In 2012, while London was getting into the Olympic spirit, Octavian Godji was busy looking for a place to lay his head at night. “I was homeless, man,” he says, explaining that he was kicked out at 15 when friction with his mother hit a breaking point. “No job, not even a pound. I had nothing in my pocket. I did everything that I had to at the time, like sell drugs.” As the landscape of the city shifted around him, Octavian decided to buckle down and focus on music. “I figured had all this experience, so I might as well just do it,” he remembers. “I don’t have anything to lose. What am I going to do, go to prison or die?”

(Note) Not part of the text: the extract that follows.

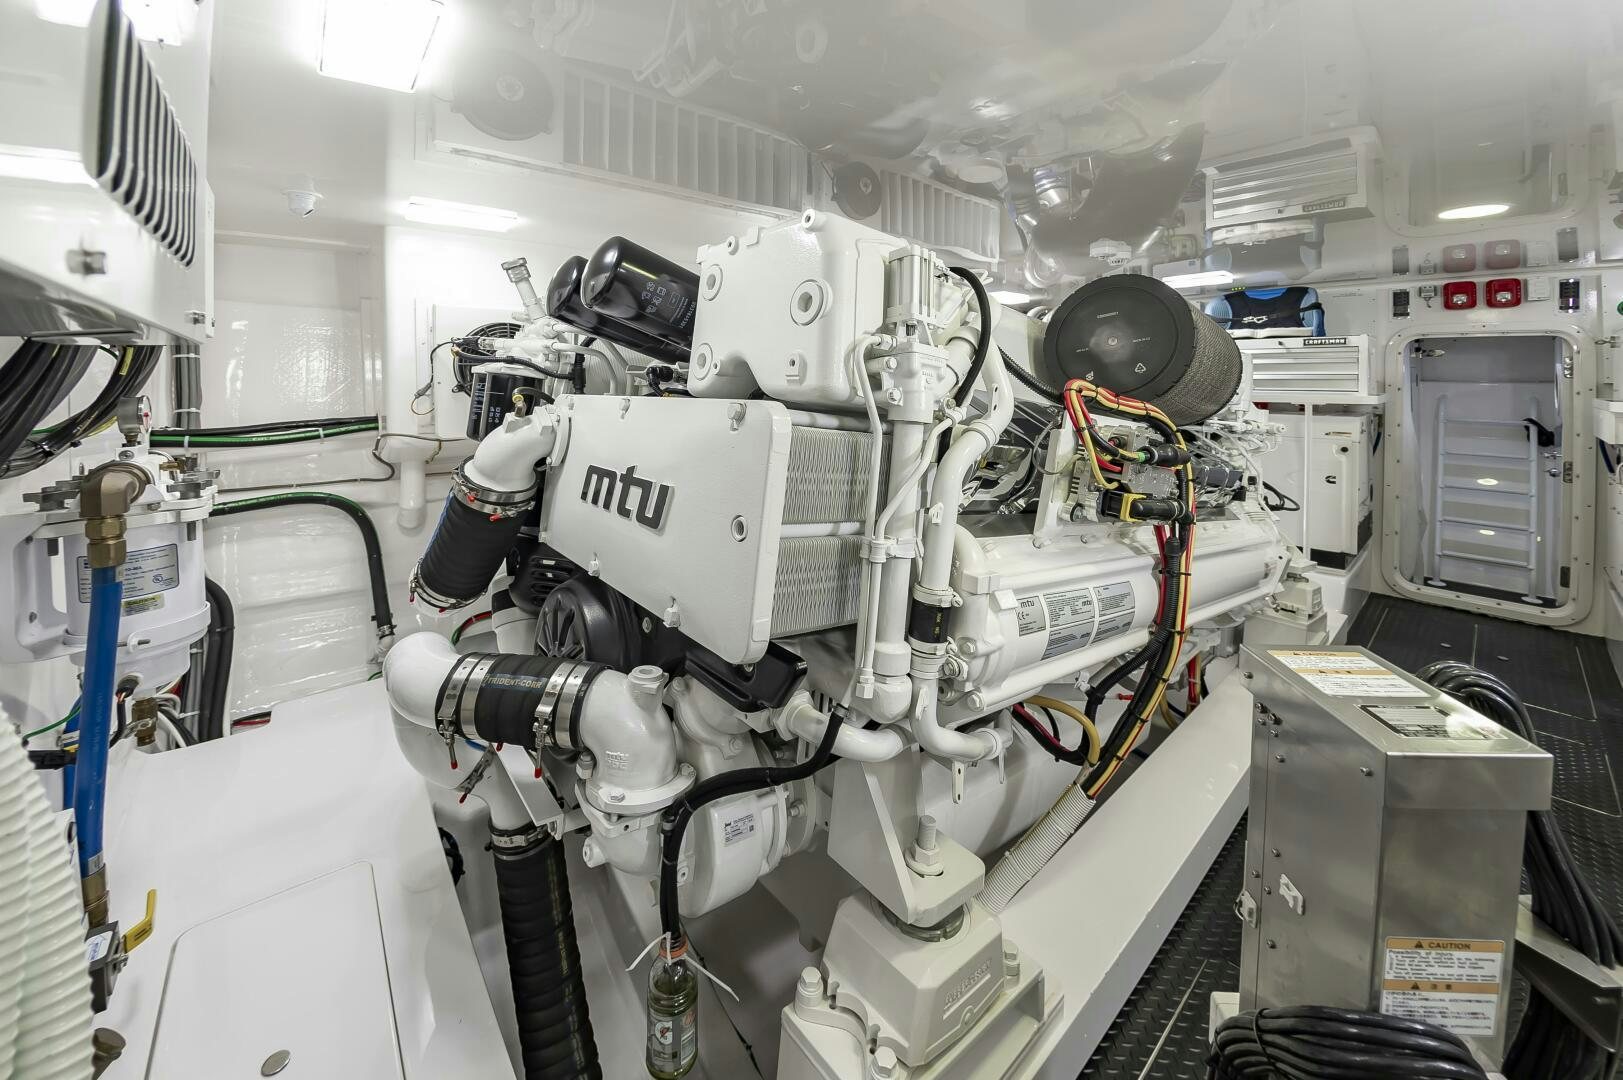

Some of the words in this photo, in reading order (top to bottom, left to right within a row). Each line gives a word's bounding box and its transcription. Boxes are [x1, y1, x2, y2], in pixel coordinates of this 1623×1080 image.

[580, 464, 669, 529] mtu
[1020, 599, 1035, 608] mtu
[1428, 941, 1472, 950] CAUTION

We’re at Red Bull Studios in London Bridge, a few miles from where Octavian grew up. On a break from recording, the 22-year-old tells me that he’s just nailed a sound that he’d been trying to perfect for months — a fusion of of house, rap, and drill. Blending styles is not a new practice for the Lille, France-born Angolan rapper, whose breakout songs, “Party Here” and “Hands,” have helped position him as one of the more promising voices in British underground music. Those tracks combine vibrant rhythms with auto-tuned sing-rapping and unorthodox rhyming patterns; Octavian’s personality — confident, introspective — shines on both. “People have been telling me that my stuff’s different, but they haven’t even heard different yet,” he says.
As a young child, Octavian moved from France to Camberwell in south London with his single mother. He started classes at the famous BRIT School at 14, not long before he was kicked out of his mother’s. He doesn’t dwell on his school days; he says that despite giving him space to work on his technical skills, it stifled his creativity. “BRIT taught me that anything was possible,” he says of the school, which counts Amy Winehouse and King Krule as alumni. “That’s the only thing I really took away from it. It’s possible to do the thing that everyone expects you not to do, and people from BRIT blew up because they had that same mentality when they left,” he explains.

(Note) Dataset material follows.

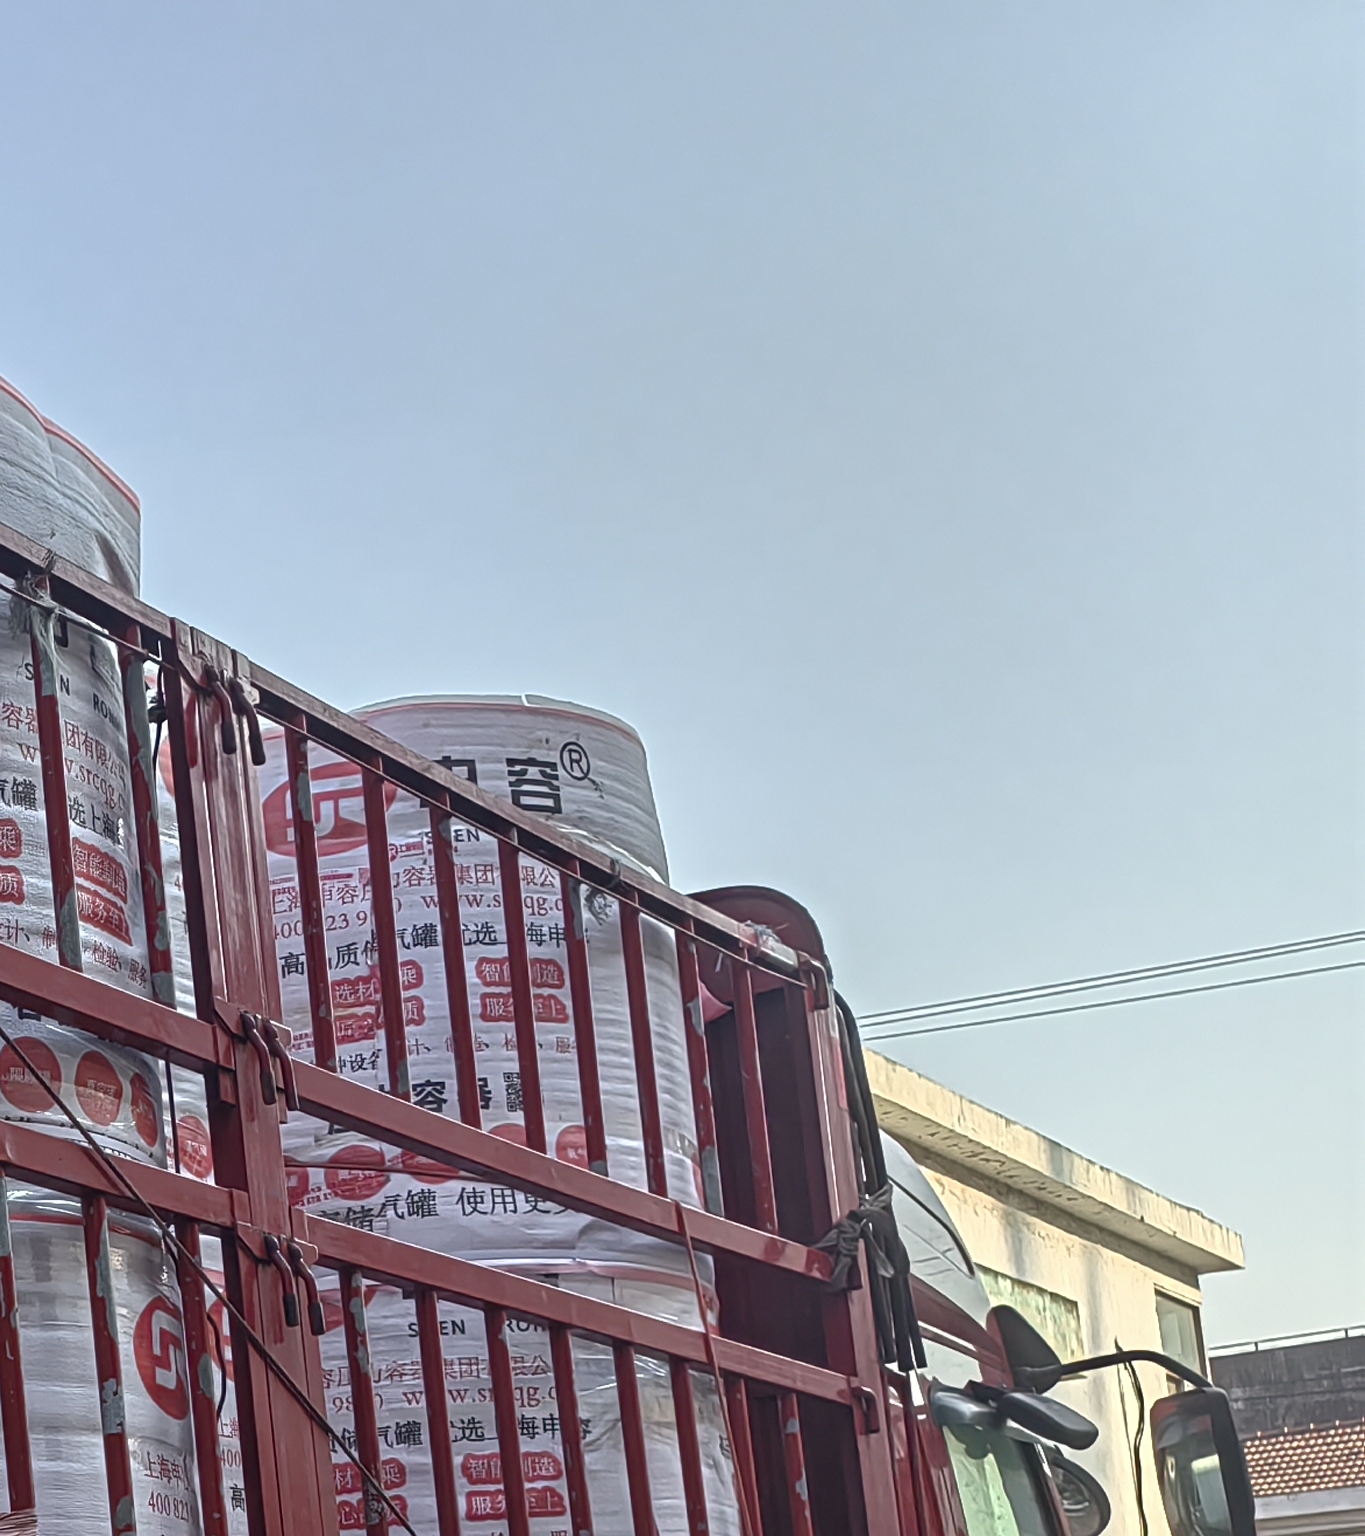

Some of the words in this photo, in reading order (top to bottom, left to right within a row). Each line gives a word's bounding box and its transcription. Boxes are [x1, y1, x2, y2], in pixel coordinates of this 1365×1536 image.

[424, 828, 481, 846] SEN
[334, 965, 418, 1003] 选材乘
[407, 1319, 467, 1338] SEN
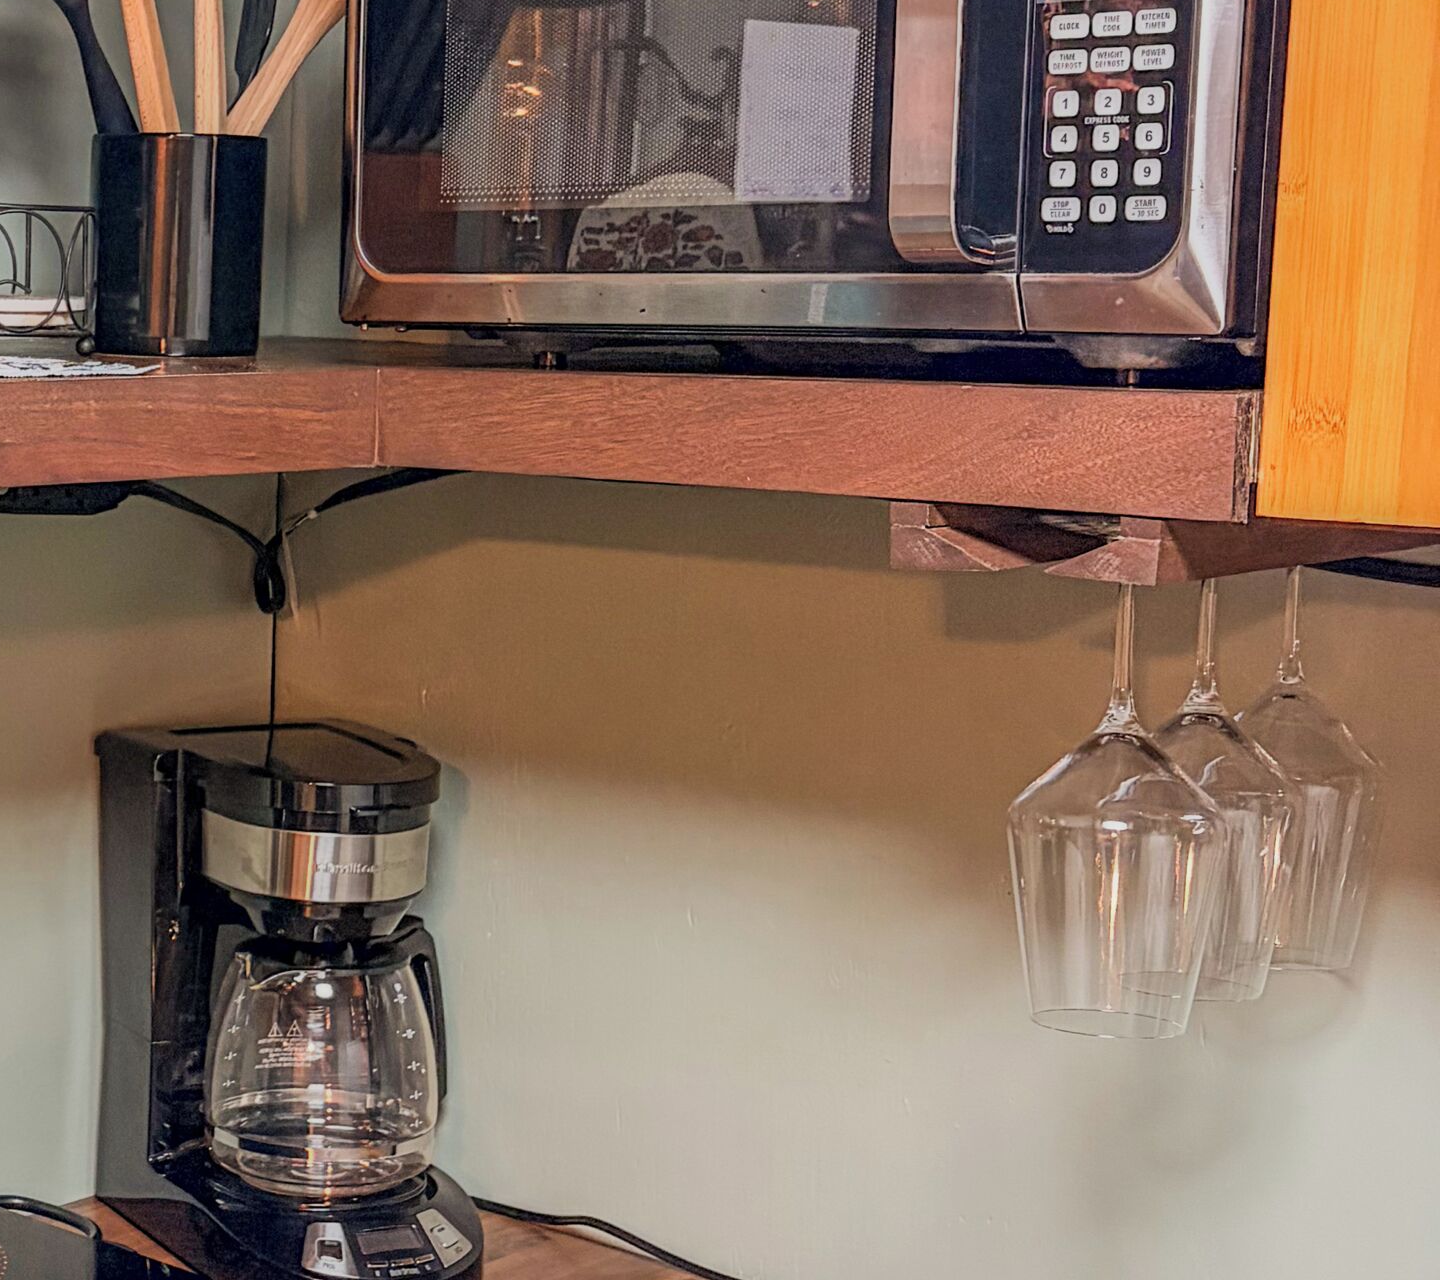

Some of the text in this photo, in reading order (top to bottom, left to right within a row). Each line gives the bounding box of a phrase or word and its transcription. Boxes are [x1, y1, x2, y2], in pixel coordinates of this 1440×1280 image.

Still, Octavian’s music is indisputably informed by the popular sounds of his late-millenial youth. When he was in his early teens, Chief Keef and the late Fredo Santana put Chicago drill on the world map. Then there was Drake, whose dexterity with both singing and rapping is a touchstone for Octavian’s own gripping, melodic party jams. “I didn’t know how to sing before,” he says. “I had this raspy voice, but I wanted to sing. I wanted to make songs that sounded soothing to the ear.”

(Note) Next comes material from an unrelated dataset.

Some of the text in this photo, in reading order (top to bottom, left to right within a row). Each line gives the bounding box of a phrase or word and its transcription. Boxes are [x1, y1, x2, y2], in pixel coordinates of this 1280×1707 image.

“People have been telling me that my stuff’s different, but they haven’t even heard different yet.”
More than anything, though, Octavian says that his inspiration comes from that first feeling he gets when he hears a beat-drop or melody. It is those unadulterated, primal emotions that he attempts to tap into when creating his own art. “When I was younger I used to go to house raves a lot, and I loved the scene and how populated it was,” Octavian says, sipping water. “People wanna dance, I wanna dance. The grime scene is about speaking to the people, So why don’t you do that as well as making people dance?” He is also drawn to atmospheric “Bon Iver-type stuff,” he says. “For me it’s about using those experiences and finding that one sound that’ll relate to everyone.”
Octavian recognizes that creating relatable songs goes deeper than the beat, or how a song actually sounds; you have to have a message that resonates, too. “You’re gonna blow, it’s just timing,” he raps to himself on “Party Here,” a fragmented-sounding earworm that he recorded at a friend’s house in 2017. The song, which was inspired by his time on the streets, by the lonely nights when the cold was fierce and his stomach rumbled, is ultimately a testament to friendship and survival. “I wanted people to feel how I felt at the time,” he says. “I didn’t know I was going to blow, but I really wanted it. I didn’t know how people would feel [about it], but I knew that this was my whole life in one song.”
By the time Drake quoted a line from “Party Here” on his Instagram in January, the song had already become a favorite among U.K. rap fans, clicking with the sorts of listeners looking for an MC who was able to curtail the current “afroswing” trend with a style that felt fresh. When we meet, Octavian still seems unfazed by the cosign from one of the biggest artists in the world. “Over the past few months I’ve just been working, man,” he says, “trying to find that sound.”
During our interview, I notice that Octavian mentions freedom a number of times. “You’re free when you are yourself,” he tells me. “I’ve always been inspired by what’s out there, but I can only use my own voice and style — that’s how you lead people.” Now that he’s signed to independent label Black Butter and has an East London apartment of of his own, it feels like he’s finally begun carving out spaces that afford him that freedom. “I used to walk past this place everyday thinking, ‘one day,’” he says, looking around the studio. “Now I’m here.”
Three months ago, Octavian visited his mother for the first time since he moved out. “She’s one of those parents that doesn’t believe in the music thing, really, so to see me where I am now had her in disbelief,” he tells me. “She bugged out when she saw me. To see me blow was a mad ting for her.”